The correspondence of the slower geminate phases for the Leu68 and Asn68 containing double mutants reflects the similarity of the conformations seen in the equilibrium deoxy-Mb structures of the single mutants (49, 51). In both cases, the side chain adopts a conformation where the terminal atoms, C-{delta}1 and C-{delta}2 in Leu68 and O-{delta} and N-{delta} in Asn68, lie almost parallel to the heme plane. One {delta} atom blocks access to Xe4, and the other hinders binding to the heme iron from the B site (Fig. 2, V68L deoxy-Mb structure). The marked differences between the V68L and V68N mutants at shorter times and higher viscosities reflect the flexibility of the isobutyl Leu side chain, which can rotate out of the way for bound ligands and adopt a conformation that allows easy access to the iron atom (Fig. 2, V68L MbCO structure). It is the complete rotation of the Leu68 side chain from the MbCO to the deoxy-Mb conformation that accounts for relaxation from the C -> A to the slower D -> A transition in the H64L/V68L mutant. However, once rotation to the deoxy conformation has occurred, the H64L/V68L mutant shows a rate constant for slow internal rebinding from remote sites that are very similar to that for the V68N double mutant, ~3,000 s-1 (TABLE THREE and Figs. 7 and 8). The similarity of the equilibrium deoxy-Mb Asn68 and Leu68 conformations also accounts for why the bimolecular rate constants for the H64L/V68L and H64L/V68N double mutants are almost the same, 15-22 µM-1s-1 (TABLE ONE).
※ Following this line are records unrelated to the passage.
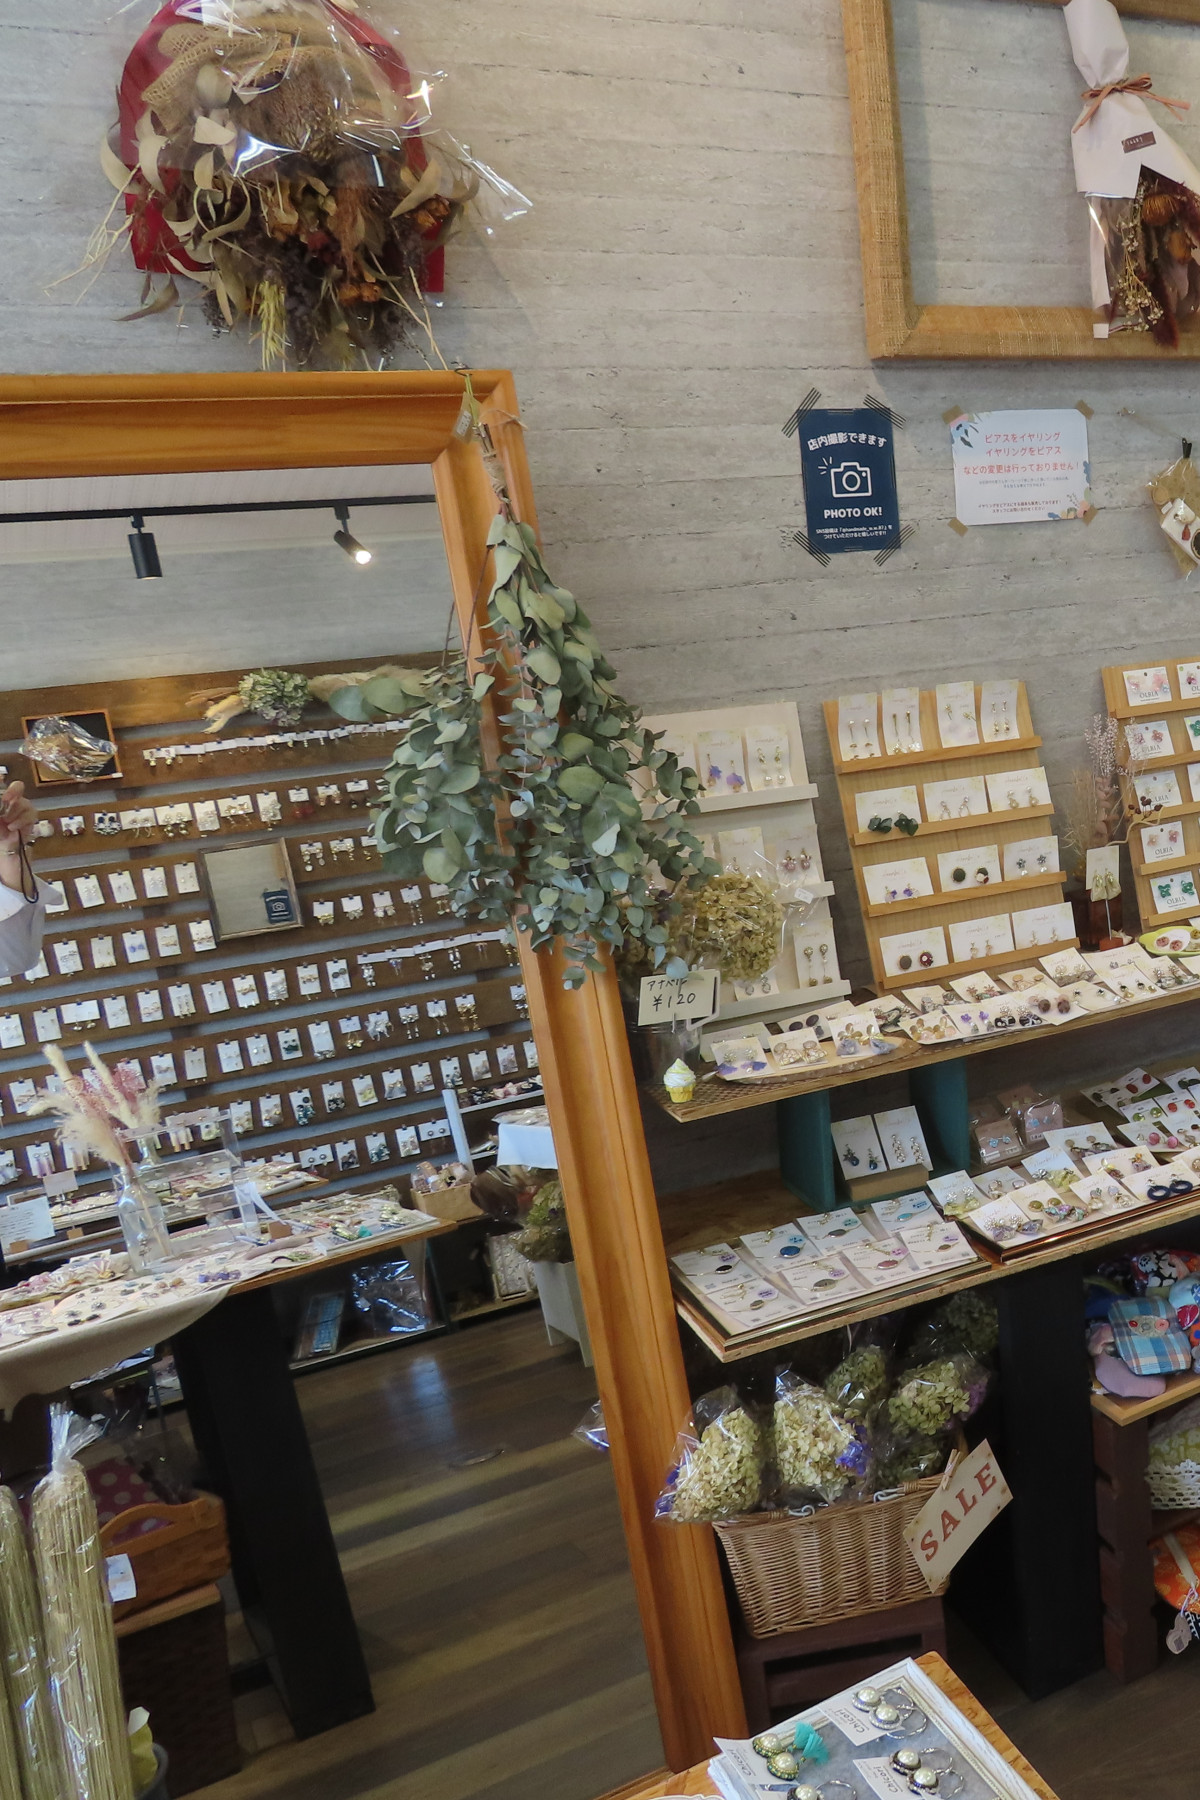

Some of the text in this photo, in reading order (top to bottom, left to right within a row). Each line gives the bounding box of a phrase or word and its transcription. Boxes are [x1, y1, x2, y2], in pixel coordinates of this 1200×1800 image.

[807, 432, 887, 451] 店内撮影できます
[985, 432, 1061, 444] ピアスをイヤリング
[986, 446, 1061, 456] イヤリングをピアス
[824, 506, 882, 519] PHOTO OK!
[652, 992, 696, 1012] ¥120
[920, 1462, 997, 1562] SALE
[838, 1708, 864, 1733] Chicori
[727, 1750, 751, 1777] Chicori
[874, 1766, 898, 1794] Chicori
The Role of His64 ; a Comparison between H64L and Wild Type—The temperature/viscosity dependence of CO rebinding in the single H64L mutant is compared with that in wild-type sperm whale Mb in Fig. 9. In sol-gels at the high viscosity limit (100% glycerol, -15 to 3.5 °C), log-log plots are linear with the slope for the wild-type protein being much smaller than that for the faster reacting H64L mutant. The peak positions and distribution of the B -> A rate parameters for the single H64L mutant are similar to those for the H64L/V68N double mutant, implying that the naturally occurring Val68 side chain confers almost as much resistance to iron-ligand bond re-formation as Asn68.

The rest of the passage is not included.